Indice dei contenuti
Quali sono i libri più importanti di Jean Lorrain?
| Titolo opera | Anno | Caratteristiche principali |
|---|---|---|
| Monsieur de Phocas | 1901 | Stile iper-descrittivo, esplorazione dei lati oscuri e pulsioni umane. |
| Storie di maschere | 1900 | Raccolta di racconti brevi, critica tagliente alla società francese. |
| Sensazioni e Ricordi | – | Riflessioni personali e cronaca sotto l’effetto dell’etere. |
1. Monsieur de Phocas – il pieno spirito decadentista
Scritto nel 1901, si tratta di un romanzo che incarna lo stile presente in tutti i libri di Jean Lorrain: quello iper-descrittivo, concentrato sull’amplificazione dei sensi e dell’anima. La trama presenta, infatti, elementi biografici: il protagonista è il duca de Fréneuse, un esteta ossessionato dagli occhi di una statua, che cerca nel mondo mortale degli occhi così folgoranti. Nella sua avventura, esplora i bassifondi parigini, avvicinandosi lentamente alle parti più oscure della città. Il sottotesto dell’opera è chiaro: Jean Lorrain vuole mostrare i lati più oscuri dell’essere umano, fatti di pulsioni perverse e istinti omicidi.
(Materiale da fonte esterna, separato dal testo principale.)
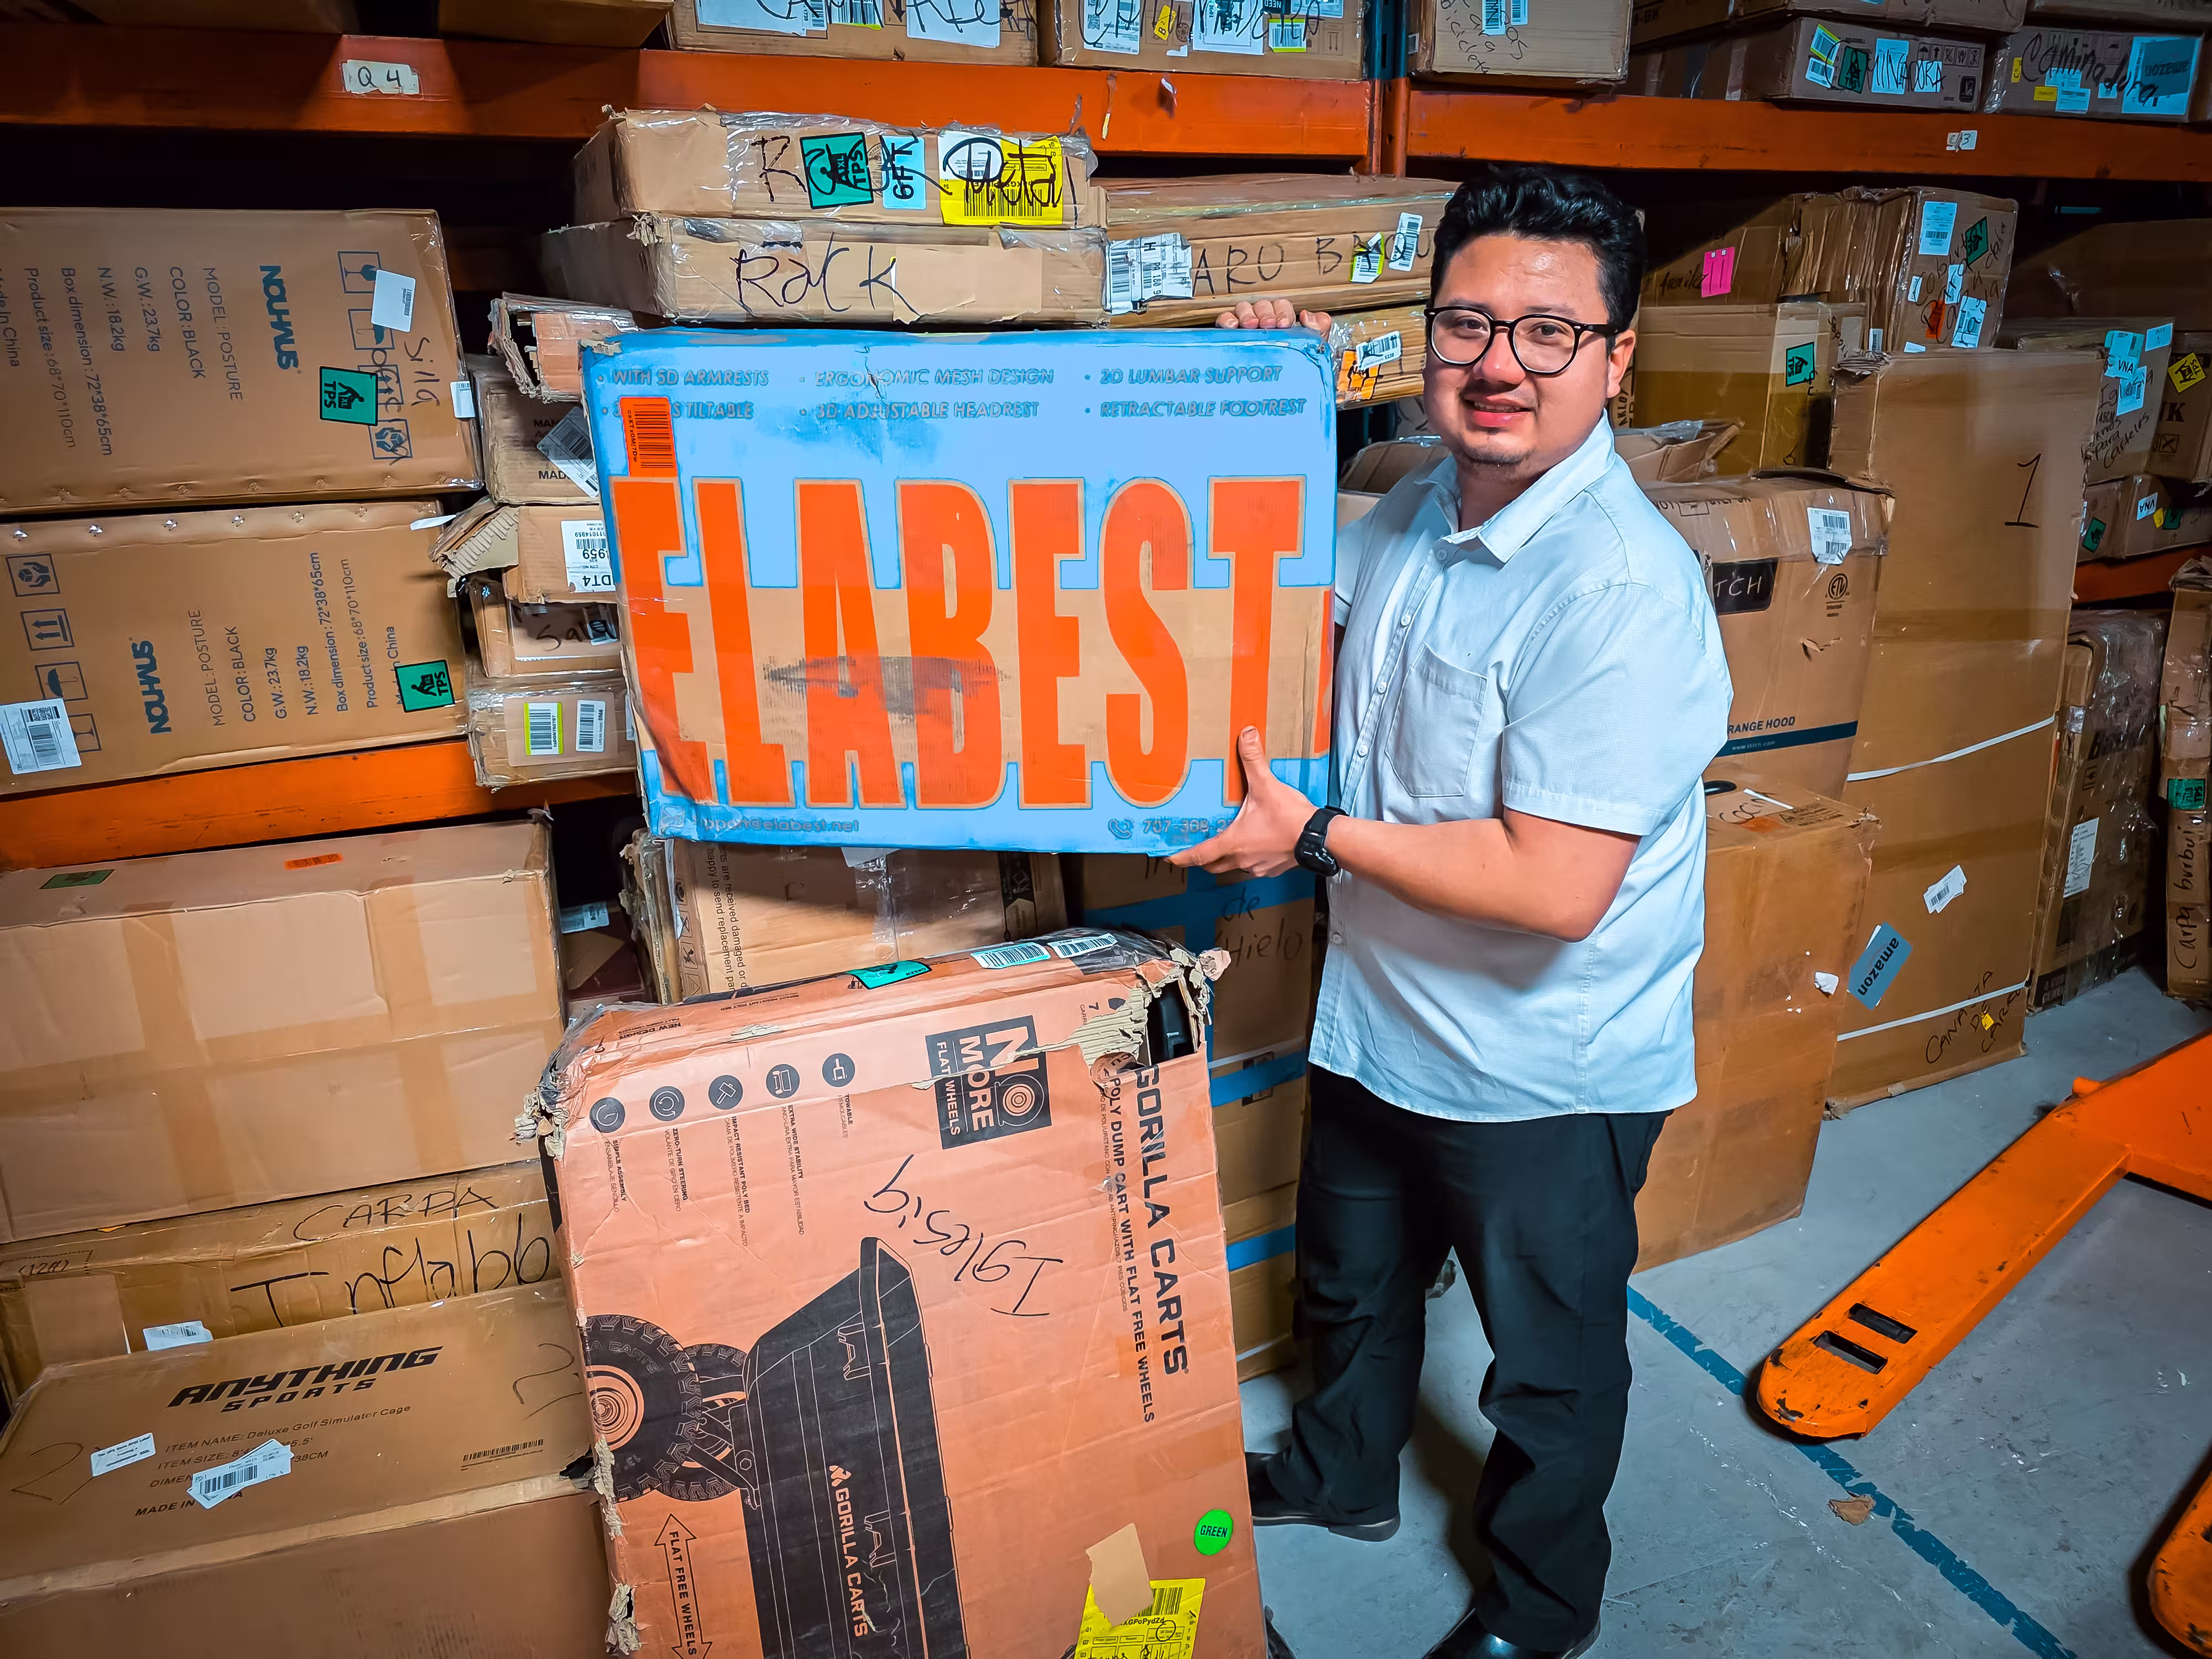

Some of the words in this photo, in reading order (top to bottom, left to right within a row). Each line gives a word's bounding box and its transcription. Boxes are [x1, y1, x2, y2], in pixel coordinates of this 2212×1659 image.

[387, 69, 401, 87] 4
[1964, 133, 1971, 145] 3
[891, 142, 915, 200] 6FT
[1144, 242, 1156, 252] H
[24, 268, 50, 324] Product
[61, 267, 75, 293] Box
[4, 327, 20, 367] China
[182, 330, 206, 379] BLACK
[217, 332, 243, 401] POSTURE
[612, 369, 653, 386] WITH
[684, 369, 769, 386] ARMRESTS
[935, 369, 983, 386] MESH
[988, 368, 1054, 385] DESIGN
[1128, 368, 1201, 385] LUMBAR
[1203, 365, 1283, 384] SUPPORT
[2117, 360, 2135, 375] VNA
[324, 382, 336, 409] TPS
[686, 402, 754, 419] TILTABLE
[816, 403, 838, 420] 3D
[953, 401, 1040, 419] HEADREST
[1099, 400, 1217, 418] RETRACTABLE
[1219, 398, 1307, 418] FOOTREST
[2140, 498, 2156, 514] VNA
[187, 610, 214, 671] POSTURE
[224, 625, 245, 670] BLACK
[385, 626, 399, 659] China
[607, 476, 1308, 809] ELABEST
[337, 690, 348, 712] Box
[361, 664, 378, 708] Product
[434, 671, 449, 696] TPS
[1728, 719, 1764, 735] RANGE
[1766, 716, 1796, 730] HOOD
[712, 880, 719, 889] to
[721, 865, 730, 881] are
[714, 892, 725, 915] send
[726, 883, 739, 922] received
[717, 917, 733, 975] replacement
[732, 925, 747, 968] damaged
[738, 971, 746, 980] or
[1857, 936, 1900, 997] amazon
[619, 1027, 658, 1040] DESIGN
[659, 1022, 682, 1031] NEW
[937, 1041, 951, 1075] FLAT
[945, 1080, 961, 1135] WHEELS
[959, 1035, 994, 1131] MORE
[1109, 1077, 1121, 1110] POLY
[844, 1094, 854, 1125] TOWABLE
[732, 1116, 740, 1142] IMPACT
[788, 1105, 796, 1126] EXTRA
[794, 1146, 804, 1179] STABILITY
[1111, 1121, 1125, 1167] DUMP
[1136, 1064, 1171, 1229] GORILLA
[664, 1129, 674, 1157] VOLANTE
[673, 1194, 681, 1212] CERO
[672, 1128, 684, 1166] ZERO-TURN
[679, 1167, 688, 1201] STEERING
[727, 1137, 733, 1145] DE
[733, 1178, 743, 1214] RESISTENTE
[735, 1143, 745, 1179] RESISTANT
[617, 1166, 627, 1201] ASSEMBLY
[1115, 1172, 1130, 1216] CART
[1121, 1218, 1135, 1264] WITH
[1126, 1267, 1141, 1306] FLAT
[1150, 1237, 1188, 1375] CARTS
[1131, 1310, 1146, 1353] FREE
[167, 1345, 444, 1408] ANYTHING
[1138, 1357, 1155, 1423] WHEELS
[220, 1377, 376, 1413] SPORTS
[165, 1441, 198, 1454] ITEM
[201, 1434, 244, 1449] NAME:
[247, 1427, 289, 1439] Deluxe
[293, 1420, 319, 1432] Golf
[319, 1410, 378, 1427] Simulator
[380, 1404, 411, 1416] Cage
[157, 1458, 191, 1470] ITEM
[193, 1452, 230, 1464] SIZE:
[134, 1501, 174, 1518] MADE
[175, 1499, 196, 1510] IN
[669, 1530, 682, 1564] FLAT
[1199, 1525, 1228, 1538] GREEN
[834, 1488, 858, 1569] GORILLA
[846, 1572, 869, 1639] CARTS
[675, 1566, 688, 1600] FREE
[681, 1603, 697, 1657] WHEELS
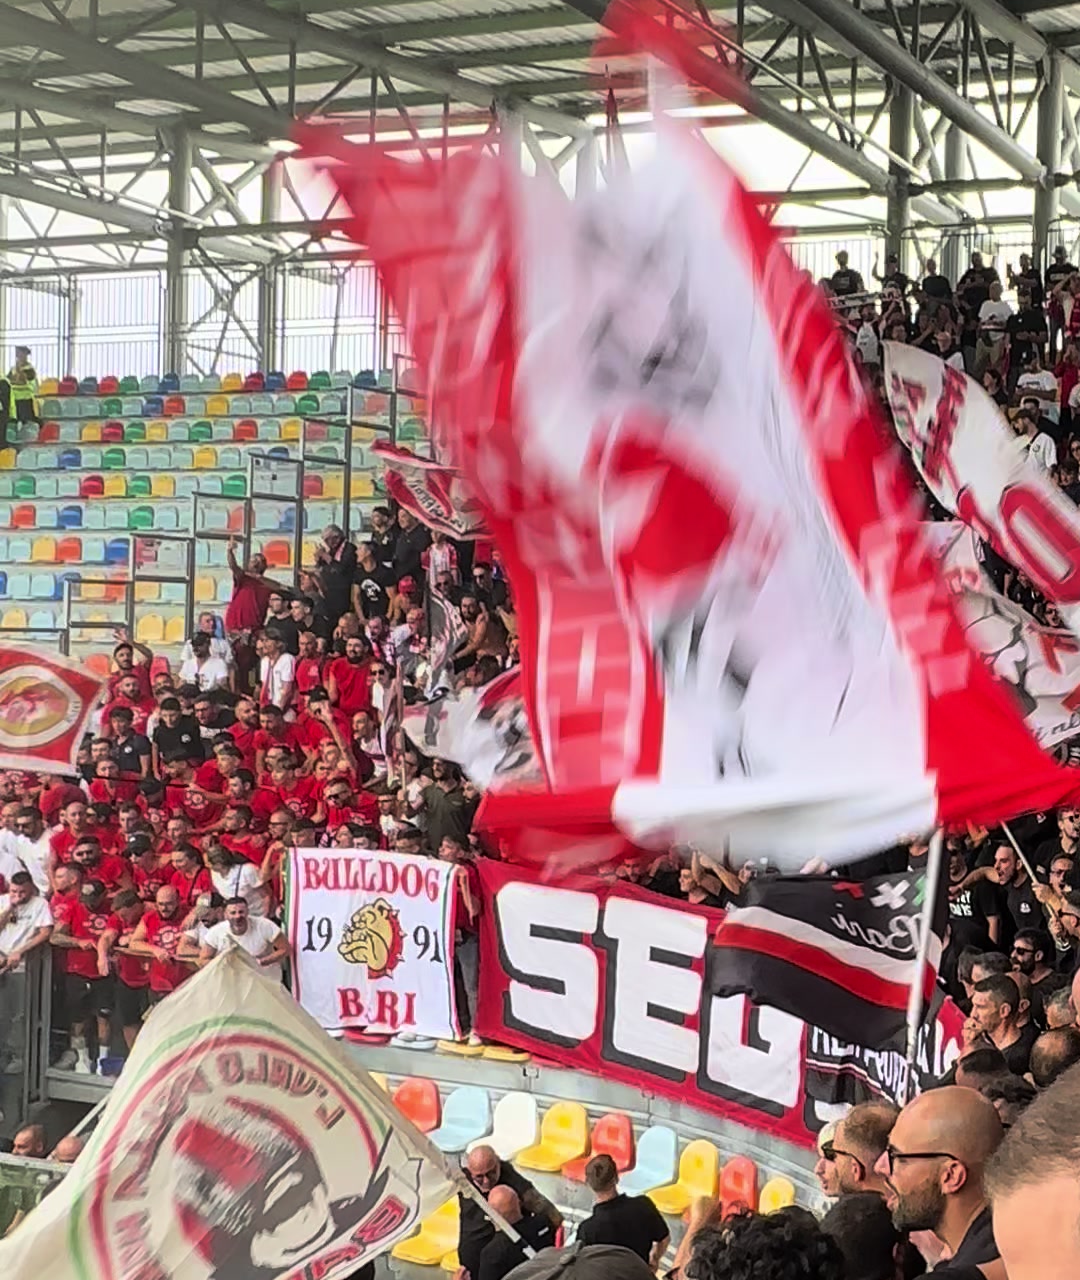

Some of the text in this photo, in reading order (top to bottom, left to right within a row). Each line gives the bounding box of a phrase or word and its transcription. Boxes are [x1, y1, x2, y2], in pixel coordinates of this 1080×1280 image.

[302, 857, 440, 903] BULLDOG
[302, 915, 333, 953] 19
[413, 925, 443, 963] 91
[337, 987, 417, 1029] BRI
[497, 881, 850, 1126] SEG
La critica ha visto somiglianze con Il Ritratto di Dorian Gray di Oscar Wilde, pur contestando l’eccessiva violenza descrittiva e concettuale dell’opera.
2. Storie di maschere – il più tagliente dei libri di Lorrain

Prima ancora di abbracciare la prospettiva unica del romanzo, Lorrain pubblica Storie di Maschere nel 1900, presentando una raccolta di racconti brevi legati da un elemento comune: la presenza di maschere che, figurative o meno, coprono la vera faccia dell’uomo. Grazie alla diversificazione delle storie, l’autore riesce a trattare in maniera più disparata dei temi tipici del Decadentismo: il rifiuto della vita quotidiana, ritenuta banale, e l’abbandono a una vita di eccessi. Lo stile dell’opera è tagliente e sagace: vengono mosse diverse critiche alla società francese, esattamente come ci si aspetterebbe da una personalità come Lorrain. Questa raccolta è consigliata, soprattutto, a chi vuole scoprire gli ultimi esempi di letteratura decadente prima dell’arrivo delle avanguardie artistico-letterarie.
3. Sensazioni e Ricordi – la cronaca e l’illusione
Si tratta di una raccolta di testi di varia natura e con fini diversi che, come nei precedenti libri di Jean Lorrain, sono accomunati da un tema preciso. In questo caso vengono narrati fatti di cronaca e riflessioni personali sotto l’effetto dell’etere, sostanza stupefacente molto in voga tra gli artisti decadenti. Dai racconti emerge la paranoia e il rifiuto della normalità, con l’eccesso delle descrizioni e l’illusione di essere sospesi in una dimensione al di fuori della Terra. Questo libro è attinente alla definizione di Paradisi Artificiali, spesso usata dal collega Charles Baudelaire per riferirsi all’uso artistico delle droghe.
Con uno spirito anticonformista e irriverente, i libri di Jean Lorrain hanno mostrato un lato inedito dell’epoca ottimista della Belle Époque: quello fatto di tentazioni, scandali e ribellioni.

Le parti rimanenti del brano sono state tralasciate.